** Requirement **
Leave out the pictures, then return the records word for word.

** Data extract **
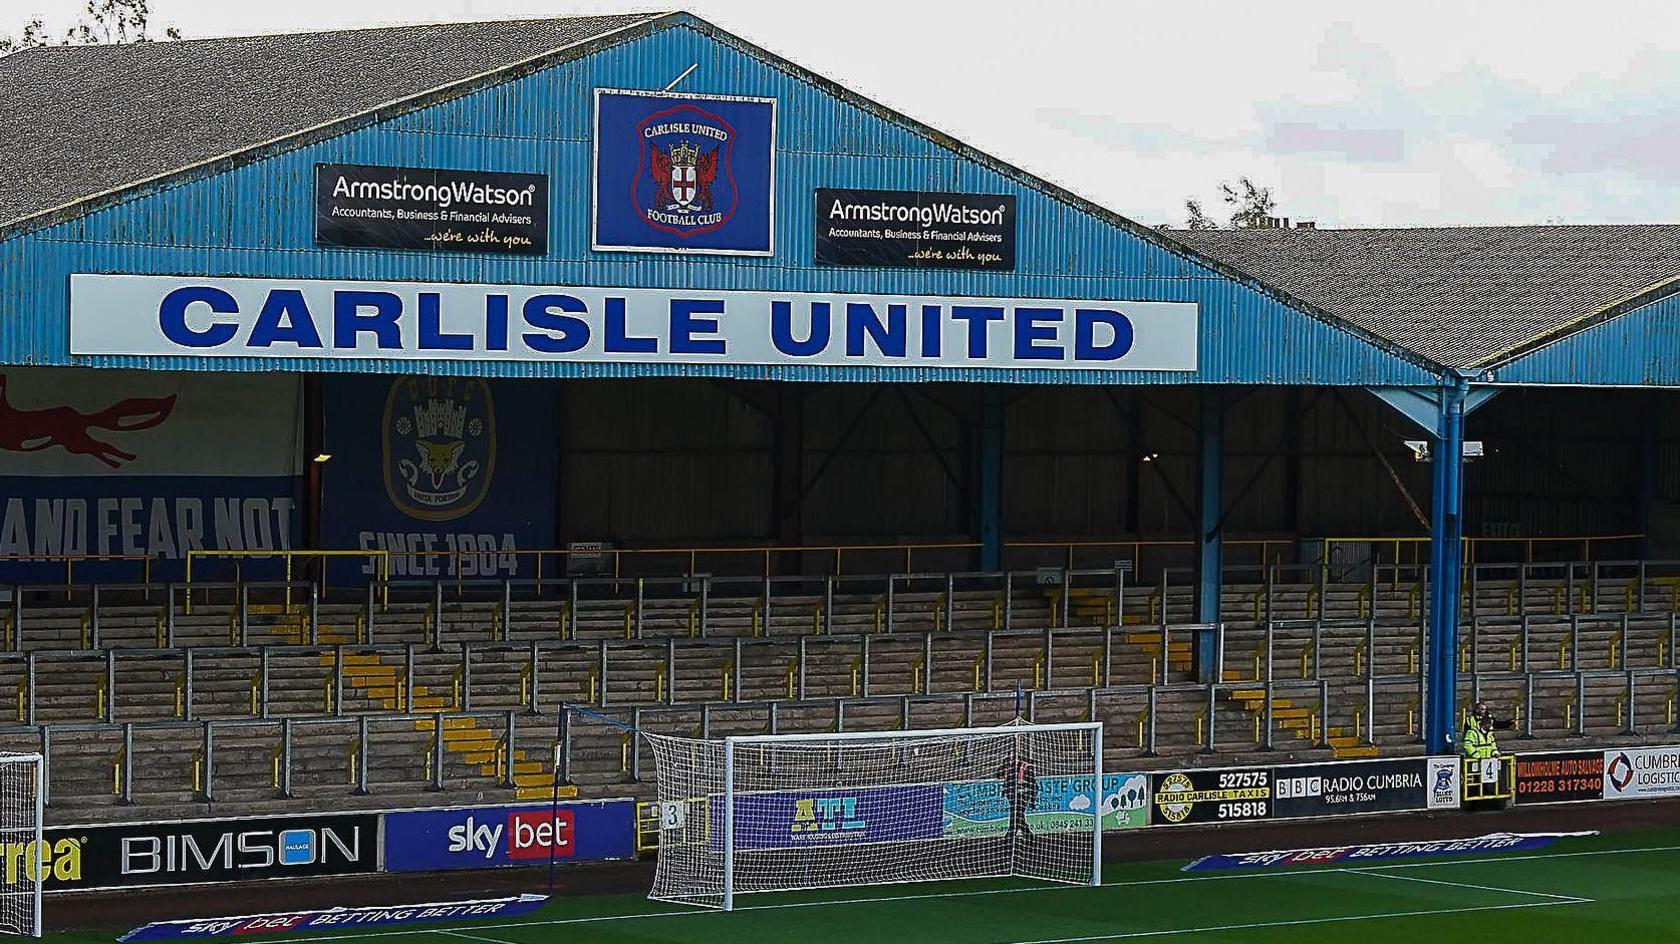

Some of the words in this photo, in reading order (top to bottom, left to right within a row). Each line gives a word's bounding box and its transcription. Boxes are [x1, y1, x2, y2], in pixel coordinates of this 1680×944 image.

[644, 123, 690, 139] CARLISLE
[692, 124, 728, 141] UNITED
[331, 206, 395, 220] Accountants,
[397, 208, 439, 220] Business
[440, 211, 448, 221] &
[450, 211, 490, 223] Financial
[491, 213, 532, 225] Advisers
[647, 209, 696, 226] FOOTBALL
[697, 212, 722, 225] CLUB
[467, 228, 500, 243] with
[503, 234, 532, 248] you
[829, 228, 883, 240] Accountants,
[885, 229, 921, 240] Business
[923, 231, 930, 240] &
[931, 231, 967, 241] Financial
[967, 232, 1002, 242] Advisers
[946, 246, 975, 261] with
[977, 252, 1002, 265] you
[159, 286, 726, 357] CARLISLE
[771, 300, 1133, 369] UNITED
[0, 498, 87, 561] AND
[98, 498, 206, 560] FEAR
[214, 497, 296, 559] NOT
[359, 531, 440, 576] SINCE
[445, 533, 519, 577] 1904
[1485, 761, 1494, 779] 4
[1561, 760, 1577, 776] AUTO
[1578, 759, 1604, 775] SALVAGE
[1036, 778, 1069, 794] ASTE
[1162, 774, 1191, 790] 527575
[1218, 772, 1267, 788] 527575
[1323, 777, 1363, 793] RADIO
[1366, 773, 1422, 790] CUMBRIA
[1519, 780, 1555, 793] 01228
[1558, 778, 1602, 791] 317340
[1158, 792, 1184, 803] RADIO
[1186, 790, 1228, 802] CARLISLE
[1231, 788, 1267, 799] TAXIS
[1349, 794, 1355, 803] &
[667, 804, 677, 826] 3
[1217, 802, 1267, 819] 515818
[448, 816, 503, 858] sky
[514, 816, 568, 848] bet
[121, 826, 360, 875] BIMSON
[1239, 851, 1294, 867] sky
[1292, 847, 1348, 863] bet
[1349, 843, 1444, 859] BETTING
[1445, 836, 1523, 851] BETTER
[181, 919, 245, 935] sky
[244, 914, 306, 930] bet
[309, 908, 414, 926] BETTING
[416, 902, 507, 920] BETTER
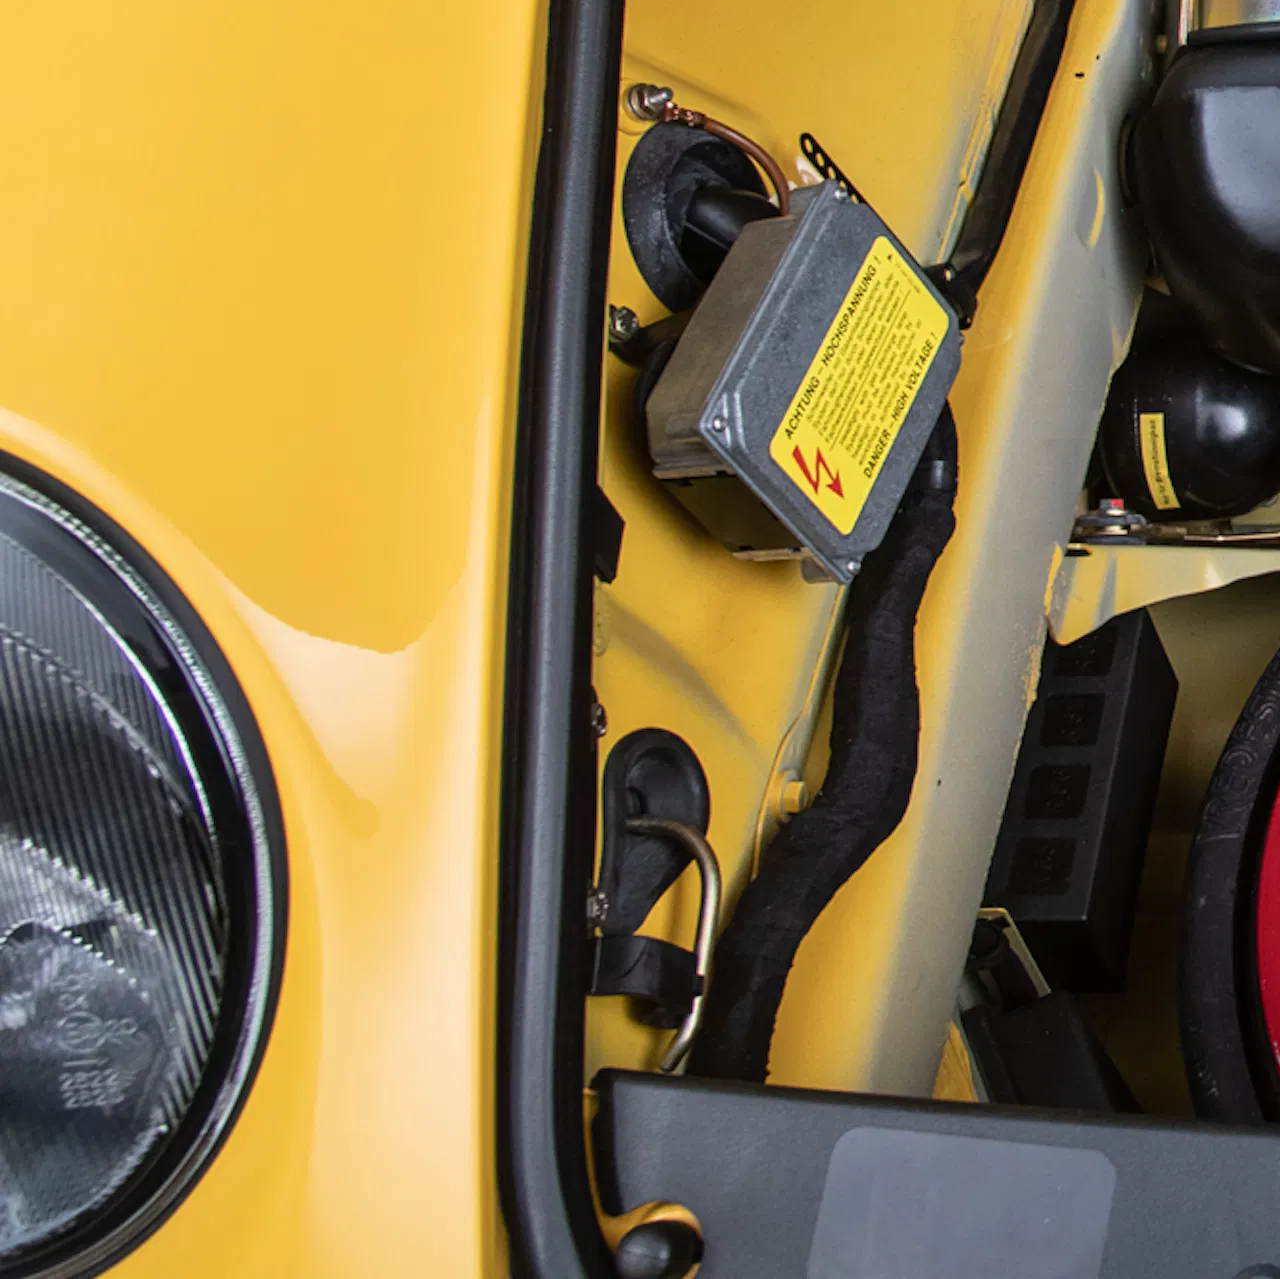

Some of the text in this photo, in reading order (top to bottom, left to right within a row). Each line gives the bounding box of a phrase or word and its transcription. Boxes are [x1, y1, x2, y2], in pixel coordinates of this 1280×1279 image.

[786, 377, 820, 439] ACHTUNG
[823, 265, 876, 364] HOCHSPANNUNG
[865, 430, 891, 478] DANGER
[891, 391, 909, 421] HIGH
[906, 341, 933, 391] VOLTAGE

** Your solution **
Some of the words in this photo, in reading order (top to bottom, left to right within a row). Each line gives a word's bounding box and its transcription. Boxes are [x1, y1, x2, y2], in pixel coordinates of this 1680×944 image.

[644, 123, 690, 139] CARLISLE
[692, 124, 728, 141] UNITED
[331, 206, 395, 220] Accountants,
[397, 208, 439, 220] Business
[440, 211, 448, 221] &
[450, 211, 490, 223] Financial
[491, 213, 532, 225] Advisers
[647, 209, 696, 226] FOOTBALL
[697, 212, 722, 225] CLUB
[467, 228, 500, 243] with
[503, 234, 532, 248] you
[829, 228, 883, 240] Accountants,
[885, 229, 921, 240] Business
[923, 231, 930, 240] &
[931, 231, 967, 241] Financial
[967, 232, 1002, 242] Advisers
[946, 246, 975, 261] with
[977, 252, 1002, 265] you
[159, 286, 726, 357] CARLISLE
[771, 300, 1133, 369] UNITED
[0, 498, 87, 561] AND
[98, 498, 206, 560] FEAR
[214, 497, 296, 559] NOT
[359, 531, 440, 576] SINCE
[445, 533, 519, 577] 1904
[1485, 761, 1494, 779] 4
[1561, 760, 1577, 776] AUTO
[1578, 759, 1604, 775] SALVAGE
[1036, 778, 1069, 794] ASTE
[1162, 774, 1191, 790] 527575
[1218, 772, 1267, 788] 527575
[1323, 777, 1363, 793] RADIO
[1366, 773, 1422, 790] CUMBRIA
[1519, 780, 1555, 793] 01228
[1558, 778, 1602, 791] 317340
[1158, 792, 1184, 803] RADIO
[1186, 790, 1228, 802] CARLISLE
[1231, 788, 1267, 799] TAXIS
[1349, 794, 1355, 803] &
[667, 804, 677, 826] 3
[1217, 802, 1267, 819] 515818
[448, 816, 503, 858] sky
[514, 816, 568, 848] bet
[121, 826, 360, 875] BIMSON
[1239, 851, 1294, 867] sky
[1292, 847, 1348, 863] bet
[1349, 843, 1444, 859] BETTING
[1445, 836, 1523, 851] BETTER
[181, 919, 245, 935] sky
[244, 914, 306, 930] bet
[309, 908, 414, 926] BETTING
[416, 902, 507, 920] BETTER

Some of the text in this photo, in reading order (top to bottom, left to right within a row). Each line gives the bounding box of a phrase or word and its transcription. Boxes are [x1, y1, x2, y2], in pixel coordinates of this 1280×1279 image.

[786, 377, 820, 439] ACHTUNG
[823, 265, 876, 364] HOCHSPANNUNG
[865, 430, 891, 478] DANGER
[891, 391, 909, 421] HIGH
[906, 341, 933, 391] VOLTAGE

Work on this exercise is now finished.